JD: Explain that deeper. Renee, Why? Why did it affect you that way?  Why did you react that way?

R: Because I didn’t relate to him in the nursing home. I would sit there and not know what to say and not know what to do. And I just let the relationship degrade. So, in the documentary, I’ll be like the poster child of how to do dementia badly, because I think a lot of people out there don’t know what to do when it first hits them. And it’s hard to admit because there’s so much guilt and shame around it.

KF: I think that’s very brave of you because I’ve been through a similar situation. And sadly, with aged care and dementia, you don’t know what you don’t know until you need to know it super urgently. And there isn’t always good information. So, I assume your documentary will be really trying to teach people about what they can do. Is that correct?

R: Yes. Well, instead of being just another medical documentary that says dementia is really bad, we already know that and we know the difficulty of trying to find a cure. So, I decided, like, we really need something out there, a beautiful film that deals with dementia in a joyful and a meaningful way. And I’ve found all these incredibly, compassionately designed engagement devices that I want to explore on film as well.

JD: Such as?

R: Well, The Hug. That’s quite, it’s quite a long story. The hug is a device that has been tested over in Wales, and they’ve got one now in Australia that I want to shoot. And they put it on a lovely woman who is in end-of-life care with about two weeks to live. And it has a face, a heartbeat, a body temperature, and a when you’re sitting down, it puts its arms around you and it hugs you.
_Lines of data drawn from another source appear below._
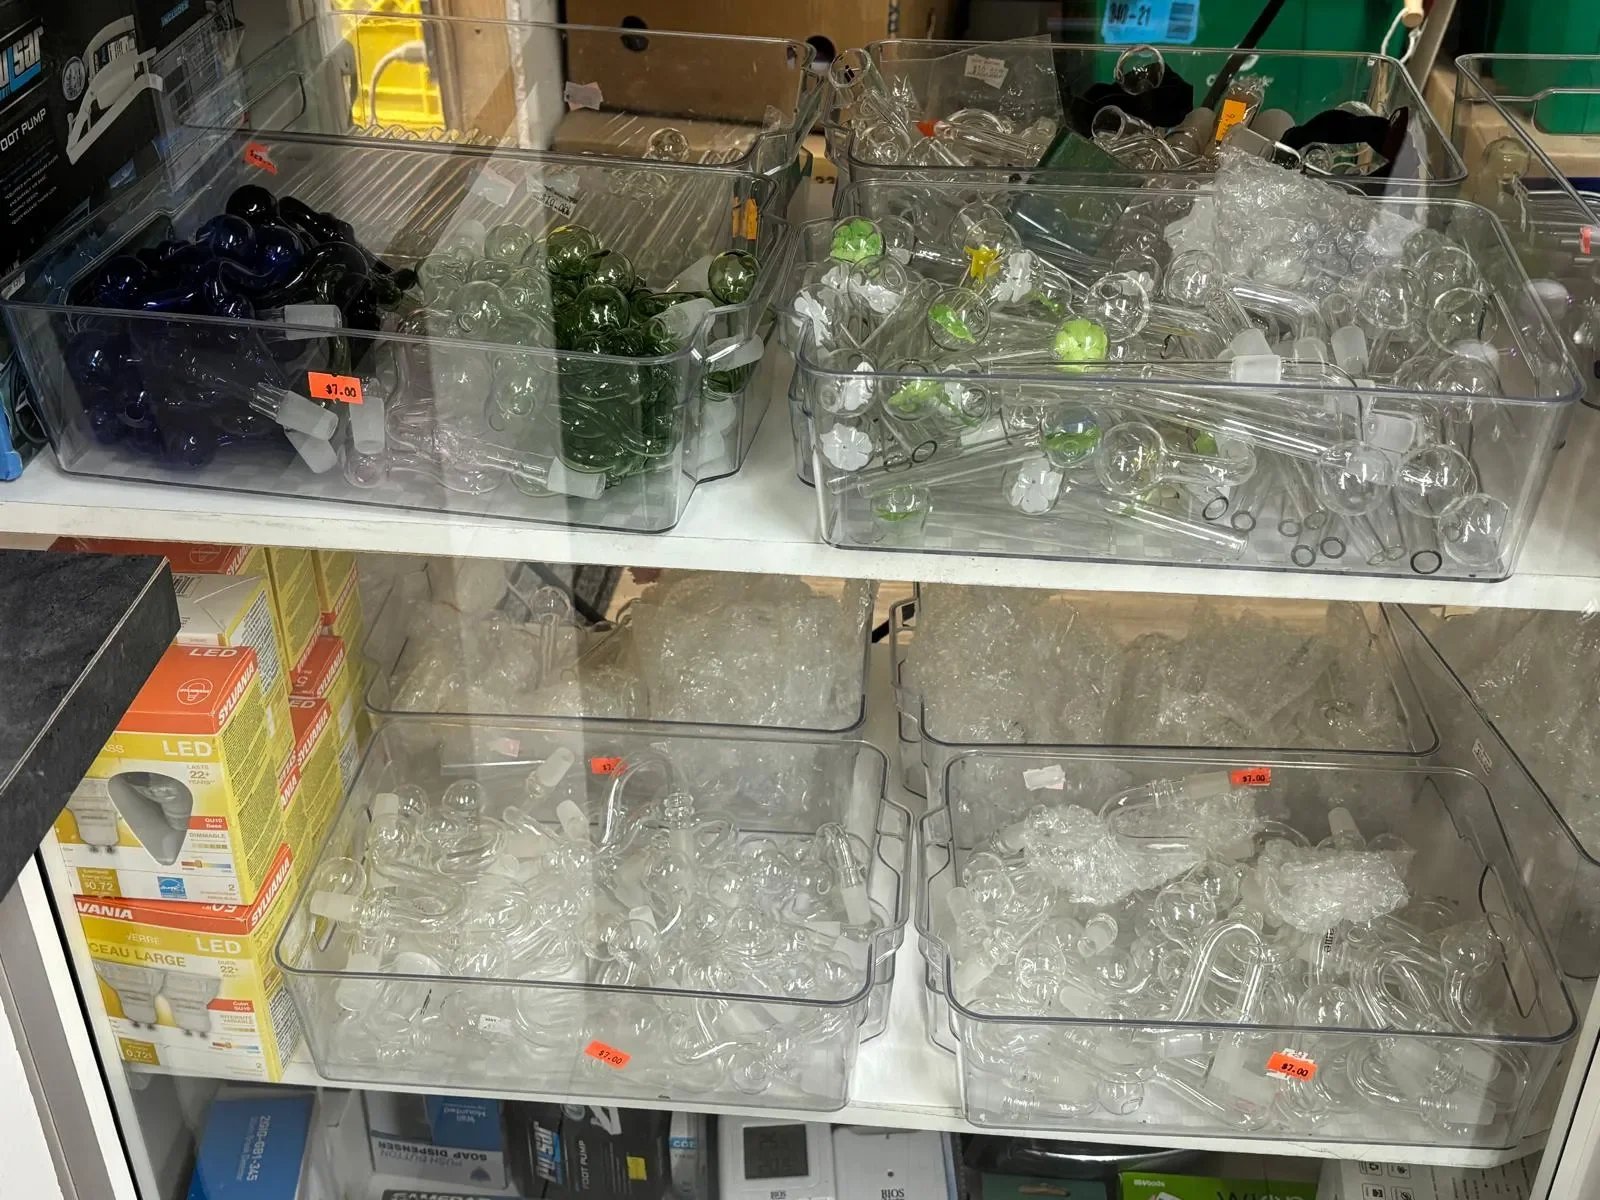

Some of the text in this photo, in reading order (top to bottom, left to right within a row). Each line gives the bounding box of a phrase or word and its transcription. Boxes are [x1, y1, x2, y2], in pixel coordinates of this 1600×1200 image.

[21, 107, 47, 136] PUMP
[325, 384, 357, 397] $7.00
[189, 648, 238, 657] LED
[218, 661, 255, 726] SYLVANIA
[297, 708, 329, 767] SYLVANIA
[162, 739, 213, 757] LED
[251, 857, 291, 927] SYLVANIA
[77, 902, 134, 920] VANIA
[196, 936, 241, 954] LED
[134, 950, 187, 968] LARGE
[599, 1049, 624, 1065] $7.00
[1282, 1062, 1309, 1077] $7.00
[378, 1141, 488, 1161] SOAP DISPENSER
[881, 1188, 904, 1199] BIOS
And she came out of end of life care. And the researchers who created this $4000 prototype didn’t have the heart to take it from her because she went on to live a better quality of life for another six months.

JD: Wow.

KF: That’s a big story.

JD: That’s a story in itself.

R: I know, and that’s why, especially with Covid-19 happening now, like to find other ways to do the 3 H’s, as I call them, you know, to hug, hold hands and hope it’s become even more relevant. And we have innovative home care. I mean, there’s also too like people that aren’t necessarily in nursing homes. Five Good Friends is something and a smartphone app that I’m exploring that allows people to tailor who comes to visit them and what their needs are in terms of housework or gardening or even just plain companionship.
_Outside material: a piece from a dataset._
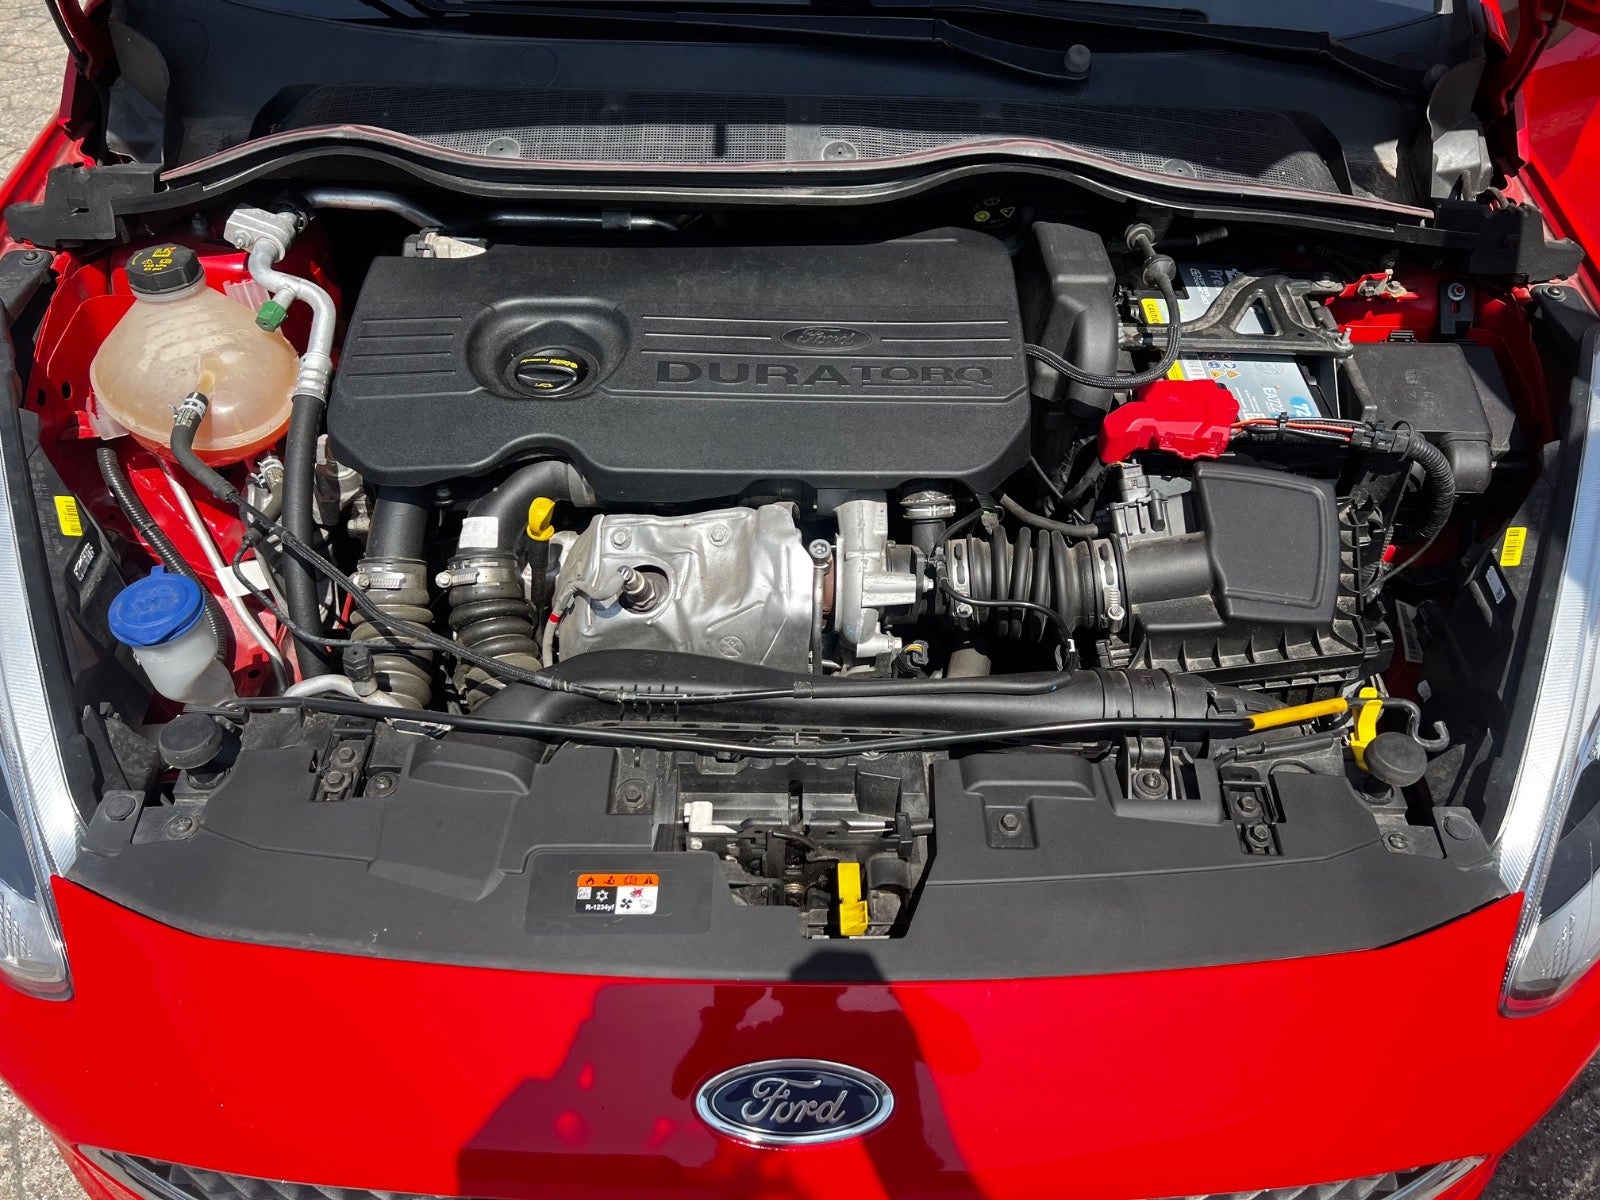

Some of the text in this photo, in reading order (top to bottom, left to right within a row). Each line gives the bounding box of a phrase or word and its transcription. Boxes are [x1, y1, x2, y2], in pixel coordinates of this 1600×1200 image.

And so, the whole documentary is going to have this wonderful inclusivity as a main theme, because we can’t be scared of dementia when it’s just the trillion-dollar disease we need to deal with.
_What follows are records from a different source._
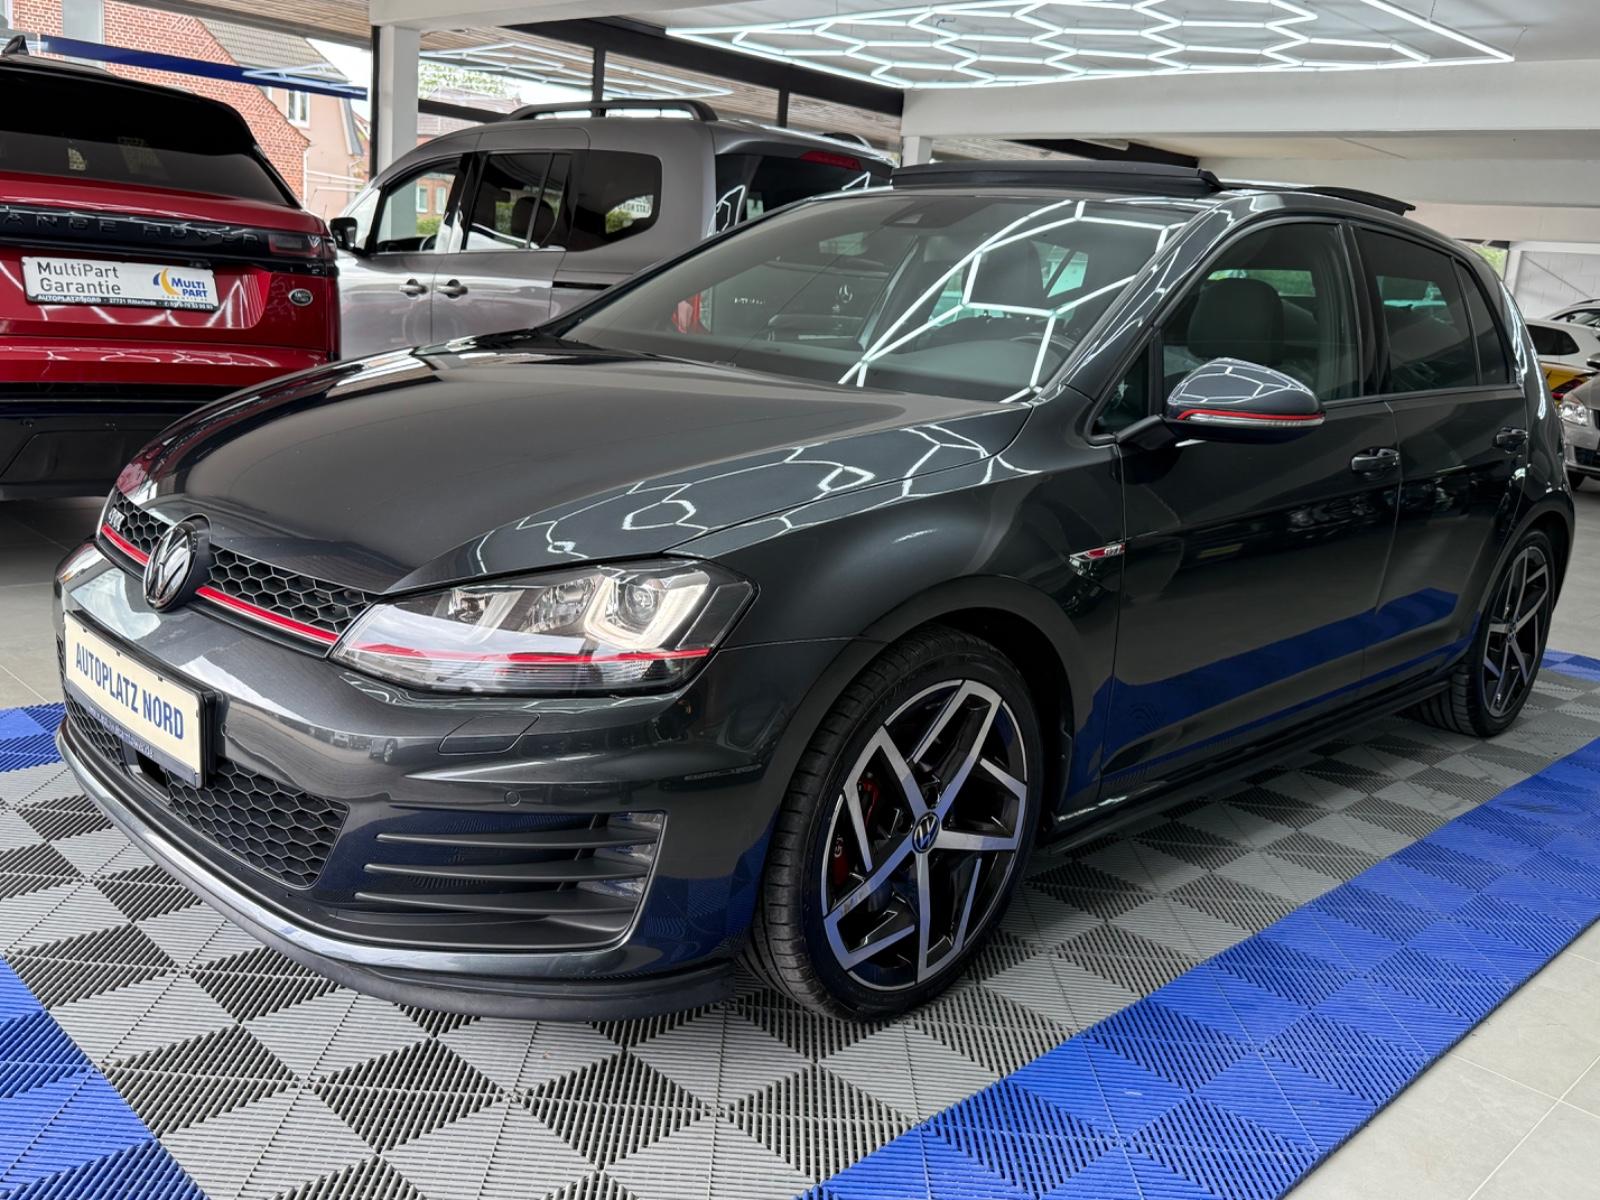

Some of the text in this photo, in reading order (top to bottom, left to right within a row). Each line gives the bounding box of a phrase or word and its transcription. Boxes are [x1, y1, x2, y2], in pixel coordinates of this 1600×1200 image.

[37, 262, 119, 279] MultiPart
[40, 278, 121, 295] Garantie
[171, 277, 206, 289] MULTI
[182, 288, 208, 298] PART
[76, 642, 139, 715] AUTOPLATZ
[142, 688, 184, 741] NORD
KF: So, my takeout, Renee, is we’re all in this together and you’re going to help us learn together. We’ve got a link to your fundraising on the website and of course, to APIA Five good friends because I know you’re working well with them. And John and I are hoping we get tickets to the opening night.

JD: Oh we’ll be there.

KF: I just threw that out there.

R: I’m so pleased with it. Kaye and John. I’d be delighted to have you along. And I can’t thank you enough for giving me a little bit of time today.

KF: Oh wow, thank you!

JD: Our great pleasure, Renee. And good luck with that. And as I say, the links to the documentary is going to be up on the YourLifeChoices website of course.

KF: Indeed, we will encourage donations.

JD: Thank you, Renee, and good luck with your journey.